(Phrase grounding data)
━━━━━━━━━━

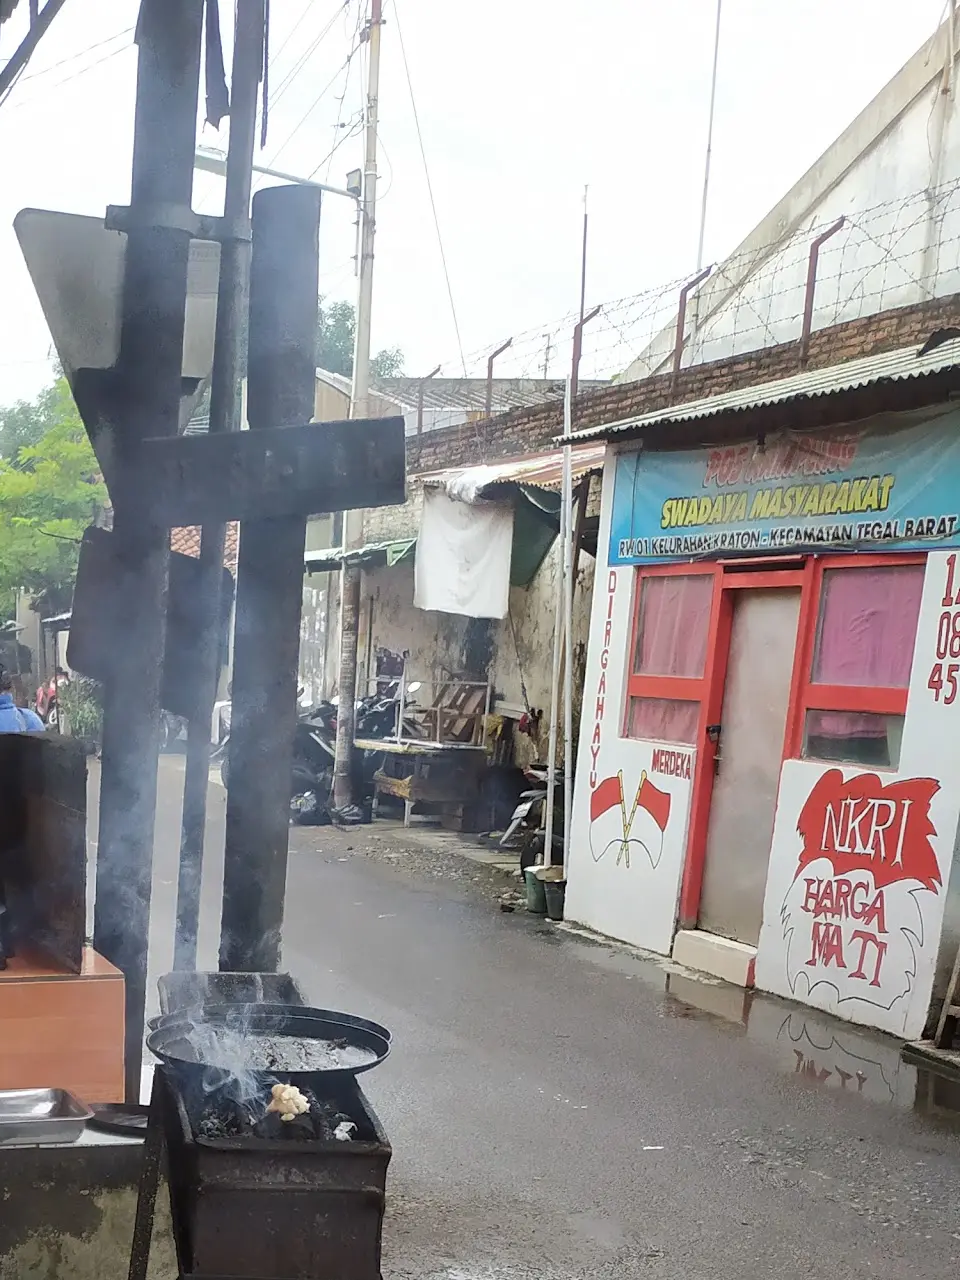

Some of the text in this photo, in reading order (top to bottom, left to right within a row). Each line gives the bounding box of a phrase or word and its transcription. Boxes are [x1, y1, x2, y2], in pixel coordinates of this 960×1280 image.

[660, 474, 896, 530] SWADAYA MASYARAKAT
[651, 536, 712, 556] KELURAHAN
[713, 530, 761, 549] KRATON
[769, 524, 852, 547] KECAMATAN
[856, 520, 900, 540] TEGAL
[904, 515, 958, 539] BARAT
[942, 554, 960, 606] 1
[590, 570, 617, 788] DIRGAHAYU
[928, 663, 959, 704] 45
[652, 749, 691, 779] MERDEKA
[821, 795, 913, 870] NKRI
[800, 876, 889, 933] HARGA

━━━━━━━━━━

■ Exercise directions: Repeat the preceding records exactly but drop the images.

■ Solution to this problem:
Some of the text in this photo, in reading order (top to bottom, left to right within a row). Each line gives the bounding box of a phrase or word and its transcription. Boxes are [x1, y1, x2, y2], in pixel coordinates of this 960×1280 image.

[660, 474, 896, 530] SWADAYA MASYARAKAT
[651, 536, 712, 556] KELURAHAN
[713, 530, 761, 549] KRATON
[769, 524, 852, 547] KECAMATAN
[856, 520, 900, 540] TEGAL
[904, 515, 958, 539] BARAT
[942, 554, 960, 606] 1
[590, 570, 617, 788] DIRGAHAYU
[928, 663, 959, 704] 45
[652, 749, 691, 779] MERDEKA
[821, 795, 913, 870] NKRI
[800, 876, 889, 933] HARGA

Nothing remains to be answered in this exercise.